The significance of the original model, the Shadow Projection Machine—a sort of sundial—exists only in its role as the precipitator of its trace. It is constructed over time in improvisational play with its ever-changing shadow, unfolding in answer to the artist’s question, “If an object can cast a shadow, can a shadow cast an object?” When the tracing is complete, the Shadow Projection Machine is dismantled, leaving only a Shadow Map of its former existence as the indicator of time and measurement. The planes and volumes transposed from these shadow lines record the interplay of the object with its shadow. In this form of reiterative exploration, the map is used as a means to decipher three-dimensional casts of the shadow, physical constructs of its projections and trajectories, as well as interpretive palimpsests of drawings.

Constructing the Shadow

The accidental becomes essential...
shepherding the shadows like an archivist
of the accidental, or a curator of the contingent.

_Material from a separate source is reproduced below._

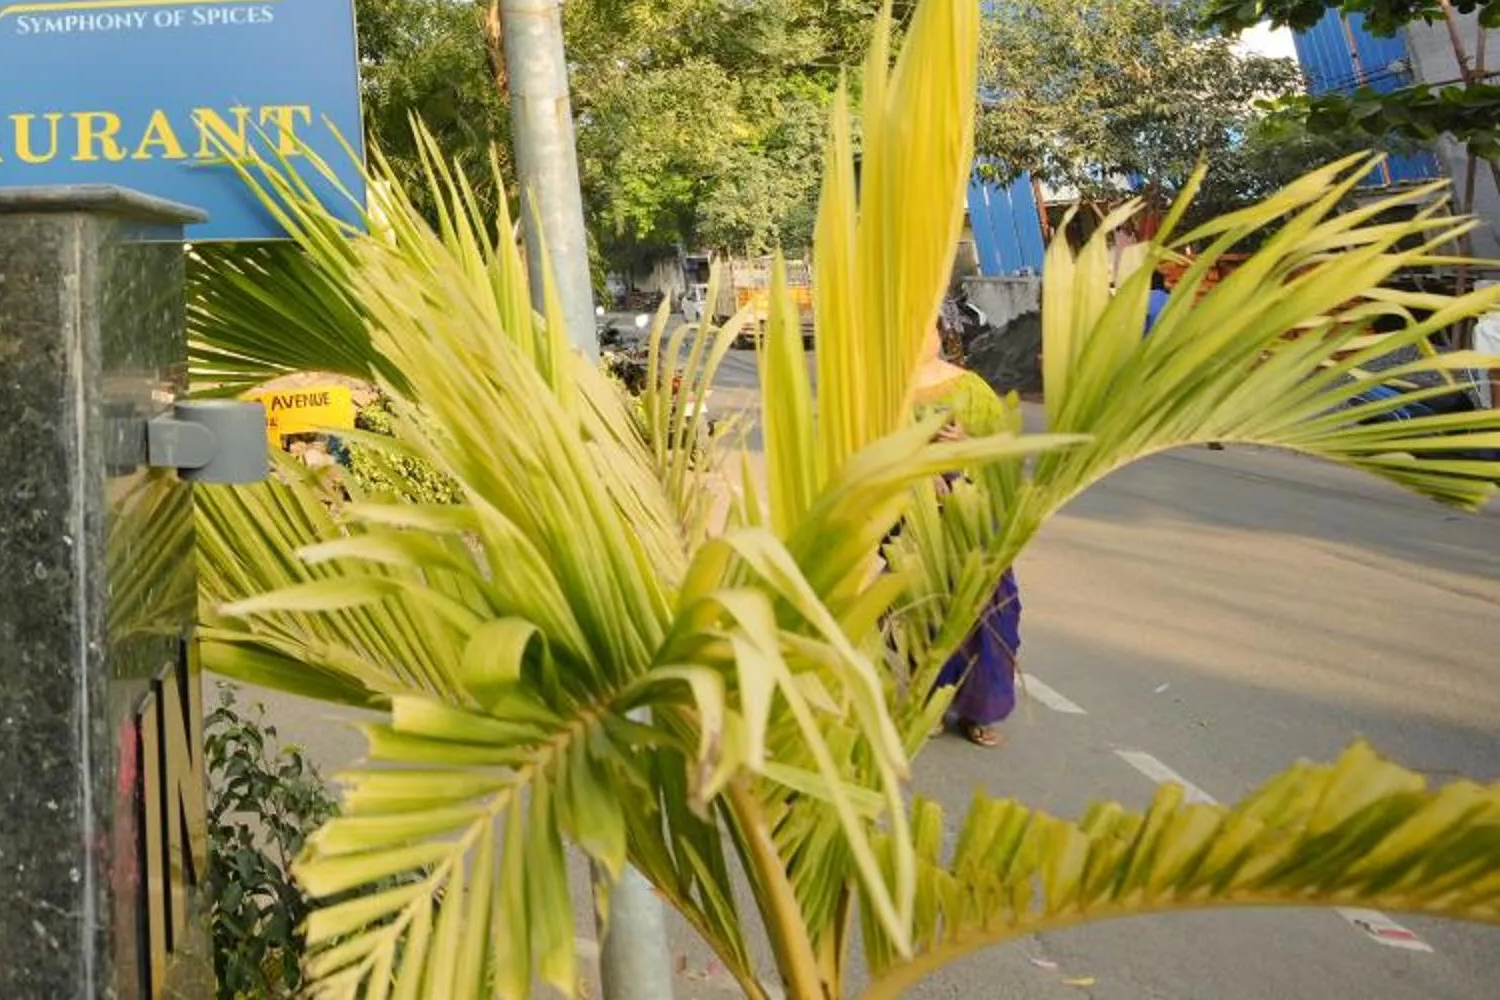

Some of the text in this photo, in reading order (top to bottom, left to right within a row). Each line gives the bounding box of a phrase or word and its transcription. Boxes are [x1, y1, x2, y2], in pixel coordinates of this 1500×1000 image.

[15, 5, 275, 35] SYMPHONY OF SPICES
[271, 391, 332, 412] AVENUE

Quoted by Gordon Bearn, philosopher and friend


Orthographic projection in drawing immediately establishes an association between plan and section. This correlation can be analogous to the relationship between the object and the shadow but only in reverse. Designed objects are projected from two-dimensional plans (the shadow) to create three-dimensional forms (the object). The following three architectonic constructions interact and transform the meaning and interpretation of space and time in response to light’s projection. Each of these intimate structures can be seen as templates from which to construct large-scale architectural spaces informed by material explorations in metal, glass, wood, concrete, and the like.

The Sundial

The character of a shadow assumes the form of the surface upon which it falls, demonstrating that, even though the shadow comes from its object (the gnomon), it belongs to the surface on which it falls. In this work, the form of the shadow, captured as it traversed the topography of the plaster cast, is incised into the surface to excavate a new foundation from which to imagine a new object.


The Shadow Box

This re-construction of the opaque shadow, cut from thin plywood, alludes to forms as they are captured in a seemingly endless dimension of the box. Here the reiterations of shapes disfigure the wall, similar to the way tree branches in the winter cut phenomenological impressions of the shadow into the structural facade of a building.


The Light Projecting Cube

As the shadow assumes a crystalline form cut from Plexiglas plates and assembled to form a cube, it is transmuted to become a light-projecting object. The reflection and refraction of light through shadow form releases the imagination to inhabit new realms of possibility. Consider this form constructed in glass where light and water may collude to alter perceptions of space and time.


The Architect

The steel sculpture is a large version of the original basswood model. It was the first shadow model that initiated my creative research into the power of the shadow. It became the focus of an entire body of work including ink drawings, airbrush paintings, monoprints and itaglio prints and 3D laser cut constructions.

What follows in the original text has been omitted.